Yes, that works better. The wording near the end is somewhat suggestive
of experimental manipulation of x(i), though. To avoid that, I might
change it to "where it is feasible for x(i) to vary alone".
>
> (There's also a potential problem with the word "increase", which should
> not be interpreted longitudinally when the data come from a
> cross-sectional study, but that's yet another issue.)
I think of it as the difference between the fitted values of Y for two
cases (or subjects) that are identical on all of the x's except for
x(i), where they differ by one unit. But only for those situations
where it is feasible for x(i) to vary alone, of course!
On 1 May 2006 15:41:29 -0700, "Reef Fish"
<Large_Nass...@Yahoo.com> wrote:
[snip]
>
> I've used several different editions of the Neter et al book, since
> its first edition. The only thing I found objectionable in their
> book is making it a separate chapter and called it "Polynomial
> Regression", when that is just like any other multiple regression
> in a Linear Model. Calling it Polynomial regression promotes
> misuse and misunderstanding of the meaning of Linear Models!
There are different ways of organizing the topics, and none
of them are perfect.
For those of us who see Polynomial regression as a
distinctly special case in several regards, Bob's preference
for blurring the distinctions seems like an alternate way
to '[promote] misuse and misunderstanding.'
[snip, many lines]
> In any event, the only terminology that seems odd is their use
> of "partial regression coefficients" to denote multiple correlation
> coefficients. I suspect that's introduced by the new co-author.
> It is always understood that OLS multiple regression correlations
> CONTAIN partial correlation information, without calling it a
> "partial regression coefficient".
>
> Since I don't have any editor of the Neter et al book, I cannot check
> where there was indeed a change of the term in their new edition(s).
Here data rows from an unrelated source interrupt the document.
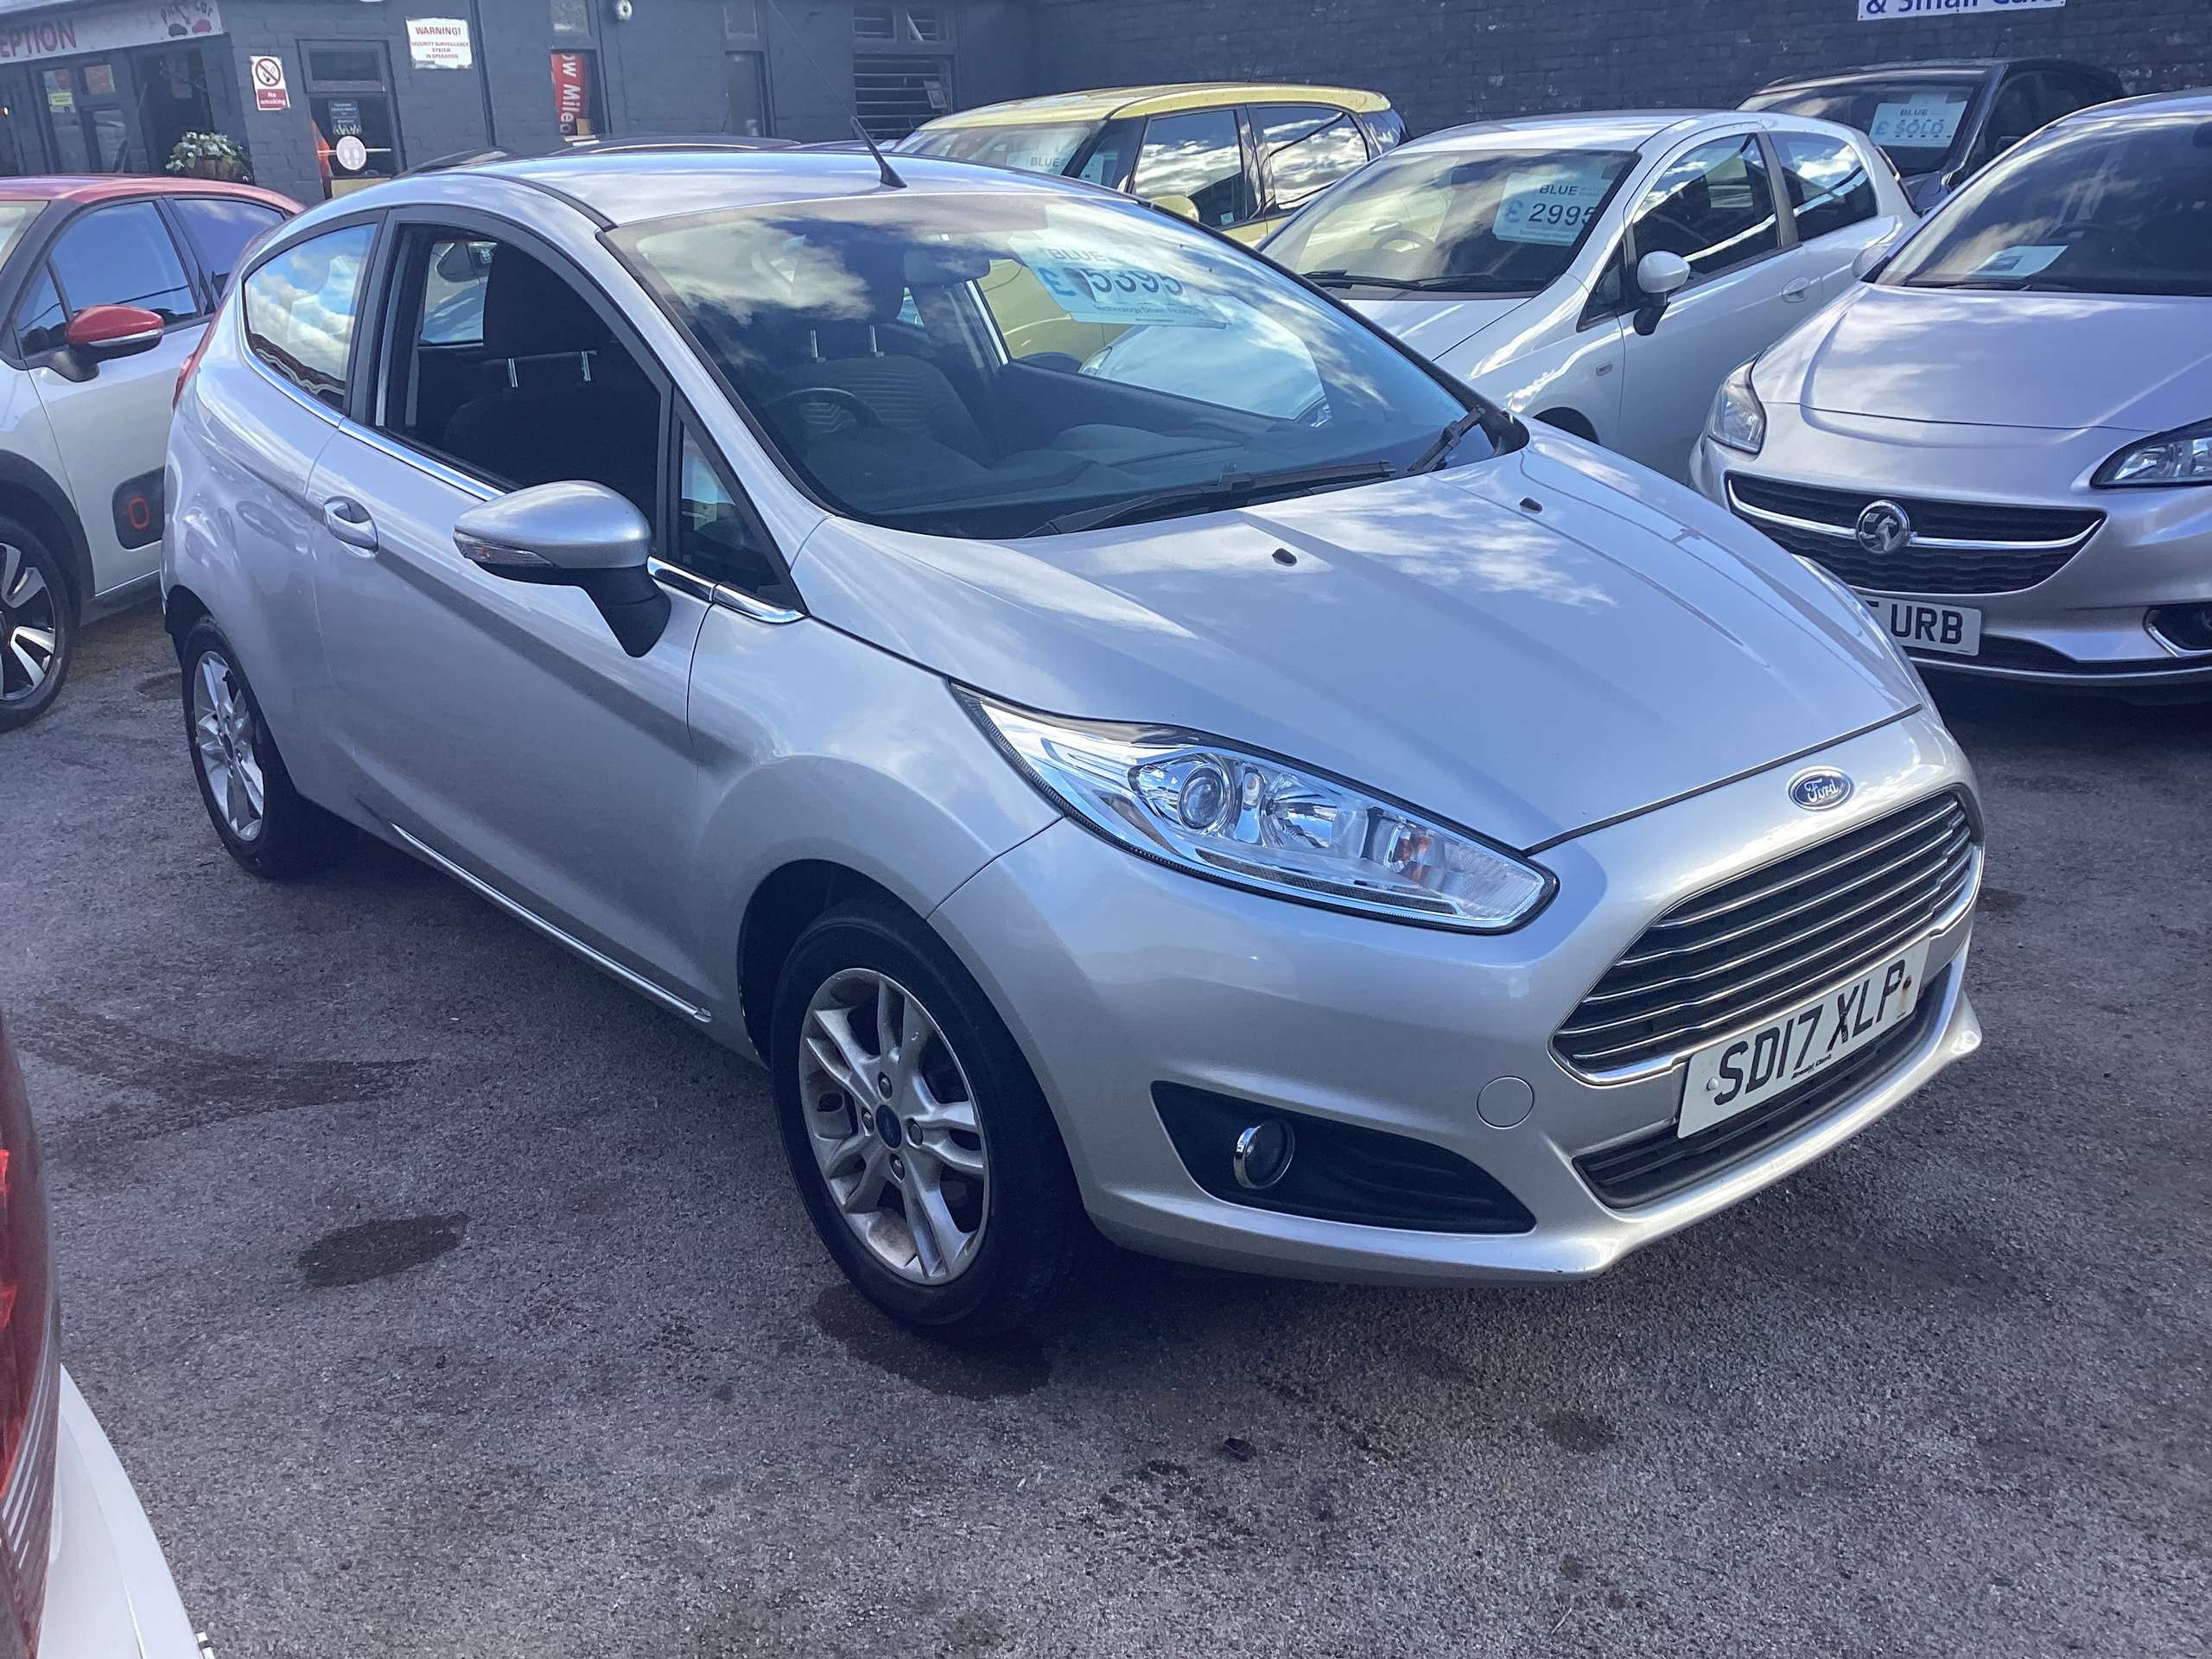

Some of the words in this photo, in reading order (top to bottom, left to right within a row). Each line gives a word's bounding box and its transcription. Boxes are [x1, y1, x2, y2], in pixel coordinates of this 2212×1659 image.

[415, 26, 461, 35] WARNING!
[1030, 157, 1061, 167] BLUE
[1539, 184, 1579, 196] BLUE
[1505, 200, 1523, 223] £
[1528, 203, 1598, 226] 2995
[1050, 249, 1107, 262] BLUE
[1891, 603, 1964, 645] URB
[1804, 778, 1839, 803] Ford
[1713, 1003, 1824, 1106] SD17
[1826, 959, 1906, 1052] XLP
I've long been comfortable with the term, "partial regression
coefficients." I'm a little surprised that Bob does not like it,
because it seems to me to emphasize his own point --
the single coefficients cannot (easily) be interpreted alone.
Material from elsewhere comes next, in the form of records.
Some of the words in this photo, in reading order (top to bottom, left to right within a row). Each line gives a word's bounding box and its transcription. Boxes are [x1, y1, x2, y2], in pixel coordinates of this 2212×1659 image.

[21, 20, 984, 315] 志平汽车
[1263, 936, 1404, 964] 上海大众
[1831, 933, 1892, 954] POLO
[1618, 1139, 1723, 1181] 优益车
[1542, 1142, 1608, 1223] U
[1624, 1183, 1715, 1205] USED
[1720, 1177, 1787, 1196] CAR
That point is absolute for Polynomial regression; that
is one of the special circumstances of polynomial regression.
I've never studied from the Neter book. I imagine I picked
up the phrase in some course, 30 years ago, and I've felt
that it was apt. And I've used it when I start to explain why
the regression coefficients do not reflect what someone
naively 'expected'.
--
Rich Ulrich, wpi...@pitt.edu
http://www.pitt.edu/~wpilib/index.html
My last two lines above was manifested in what I observed in
sci.stat.math, where the term LINEAR MODEL, which has a
standard meaning in Statistic to mean a model iinear in the
PARAMTERS of the model, is confused by many readers to
mean a linear FUNCTIONAL model.
A polynomial model is a LINEAR model (in the parameters),
but a NONLINEAR FUNCTION MODEL in the X's.
That is where a common confusion sets in, so much so that
Richard Ulrich was the only person who was wrong on
EVERY answer he submitted on an elementary quiz of
stated models as to where they are LINEAR models or not.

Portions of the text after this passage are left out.